**** Stored data ****

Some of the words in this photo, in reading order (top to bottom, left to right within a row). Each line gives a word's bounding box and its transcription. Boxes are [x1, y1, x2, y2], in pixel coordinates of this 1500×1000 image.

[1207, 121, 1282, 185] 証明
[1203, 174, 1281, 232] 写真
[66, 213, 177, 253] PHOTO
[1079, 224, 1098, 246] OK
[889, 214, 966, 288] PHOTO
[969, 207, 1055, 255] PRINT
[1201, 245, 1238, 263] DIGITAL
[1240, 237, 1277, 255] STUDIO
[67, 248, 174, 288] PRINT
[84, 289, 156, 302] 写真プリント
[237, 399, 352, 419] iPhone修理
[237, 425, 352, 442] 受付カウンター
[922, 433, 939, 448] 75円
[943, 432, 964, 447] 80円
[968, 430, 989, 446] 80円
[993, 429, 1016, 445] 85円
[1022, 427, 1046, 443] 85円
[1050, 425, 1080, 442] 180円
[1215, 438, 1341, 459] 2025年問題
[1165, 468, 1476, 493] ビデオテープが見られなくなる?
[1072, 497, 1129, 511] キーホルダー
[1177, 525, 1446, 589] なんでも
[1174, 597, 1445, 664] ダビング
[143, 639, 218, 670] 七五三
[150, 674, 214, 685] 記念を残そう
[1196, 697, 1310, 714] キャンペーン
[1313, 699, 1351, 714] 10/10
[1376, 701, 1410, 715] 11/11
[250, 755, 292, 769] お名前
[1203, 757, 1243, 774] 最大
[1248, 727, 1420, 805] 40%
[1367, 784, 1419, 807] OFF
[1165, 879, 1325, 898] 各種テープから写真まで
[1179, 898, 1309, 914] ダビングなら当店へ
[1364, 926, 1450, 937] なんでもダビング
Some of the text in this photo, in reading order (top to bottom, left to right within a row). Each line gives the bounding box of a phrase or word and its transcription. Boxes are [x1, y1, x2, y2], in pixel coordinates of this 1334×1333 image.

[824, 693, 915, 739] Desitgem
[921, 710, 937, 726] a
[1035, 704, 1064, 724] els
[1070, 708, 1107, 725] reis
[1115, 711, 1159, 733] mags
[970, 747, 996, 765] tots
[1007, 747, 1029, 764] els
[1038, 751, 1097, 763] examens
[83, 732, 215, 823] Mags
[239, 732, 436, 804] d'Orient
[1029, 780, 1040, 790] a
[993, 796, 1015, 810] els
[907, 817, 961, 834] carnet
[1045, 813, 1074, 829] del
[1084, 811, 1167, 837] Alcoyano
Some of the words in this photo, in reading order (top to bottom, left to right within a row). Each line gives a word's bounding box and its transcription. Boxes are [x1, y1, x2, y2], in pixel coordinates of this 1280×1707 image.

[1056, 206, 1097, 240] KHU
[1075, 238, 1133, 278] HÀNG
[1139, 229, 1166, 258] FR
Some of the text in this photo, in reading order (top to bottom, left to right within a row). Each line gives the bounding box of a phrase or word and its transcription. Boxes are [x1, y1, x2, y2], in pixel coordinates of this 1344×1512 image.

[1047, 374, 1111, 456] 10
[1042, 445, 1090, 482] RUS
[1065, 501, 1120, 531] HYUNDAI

****

● Exercise description:
The records above are to be given again in full, exactly as written.

● Your solution:
Some of the words in this photo, in reading order (top to bottom, left to right within a row). Each line gives a word's bounding box and its transcription. Boxes are [x1, y1, x2, y2], in pixel coordinates of this 1500×1000 image.

[1207, 121, 1282, 185] 証明
[1203, 174, 1281, 232] 写真
[66, 213, 177, 253] PHOTO
[1079, 224, 1098, 246] OK
[889, 214, 966, 288] PHOTO
[969, 207, 1055, 255] PRINT
[1201, 245, 1238, 263] DIGITAL
[1240, 237, 1277, 255] STUDIO
[67, 248, 174, 288] PRINT
[84, 289, 156, 302] 写真プリント
[237, 399, 352, 419] iPhone修理
[237, 425, 352, 442] 受付カウンター
[922, 433, 939, 448] 75円
[943, 432, 964, 447] 80円
[968, 430, 989, 446] 80円
[993, 429, 1016, 445] 85円
[1022, 427, 1046, 443] 85円
[1050, 425, 1080, 442] 180円
[1215, 438, 1341, 459] 2025年問題
[1165, 468, 1476, 493] ビデオテープが見られなくなる?
[1072, 497, 1129, 511] キーホルダー
[1177, 525, 1446, 589] なんでも
[1174, 597, 1445, 664] ダビング
[143, 639, 218, 670] 七五三
[150, 674, 214, 685] 記念を残そう
[1196, 697, 1310, 714] キャンペーン
[1313, 699, 1351, 714] 10/10
[1376, 701, 1410, 715] 11/11
[250, 755, 292, 769] お名前
[1203, 757, 1243, 774] 最大
[1248, 727, 1420, 805] 40%
[1367, 784, 1419, 807] OFF
[1165, 879, 1325, 898] 各種テープから写真まで
[1179, 898, 1309, 914] ダビングなら当店へ
[1364, 926, 1450, 937] なんでもダビング
Some of the text in this photo, in reading order (top to bottom, left to right within a row). Each line gives the bounding box of a phrase or word and its transcription. Boxes are [x1, y1, x2, y2], in pixel coordinates of this 1334×1333 image.

[824, 693, 915, 739] Desitgem
[921, 710, 937, 726] a
[1035, 704, 1064, 724] els
[1070, 708, 1107, 725] reis
[1115, 711, 1159, 733] mags
[970, 747, 996, 765] tots
[1007, 747, 1029, 764] els
[1038, 751, 1097, 763] examens
[83, 732, 215, 823] Mags
[239, 732, 436, 804] d'Orient
[1029, 780, 1040, 790] a
[993, 796, 1015, 810] els
[907, 817, 961, 834] carnet
[1045, 813, 1074, 829] del
[1084, 811, 1167, 837] Alcoyano
Some of the words in this photo, in reading order (top to bottom, left to right within a row). Each line gives a word's bounding box and its transcription. Boxes are [x1, y1, x2, y2], in pixel coordinates of this 1280×1707 image.

[1056, 206, 1097, 240] KHU
[1075, 238, 1133, 278] HÀNG
[1139, 229, 1166, 258] FR
Some of the text in this photo, in reading order (top to bottom, left to right within a row). Each line gives the bounding box of a phrase or word and its transcription. Boxes are [x1, y1, x2, y2], in pixel coordinates of this 1344×1512 image.

[1047, 374, 1111, 456] 10
[1042, 445, 1090, 482] RUS
[1065, 501, 1120, 531] HYUNDAI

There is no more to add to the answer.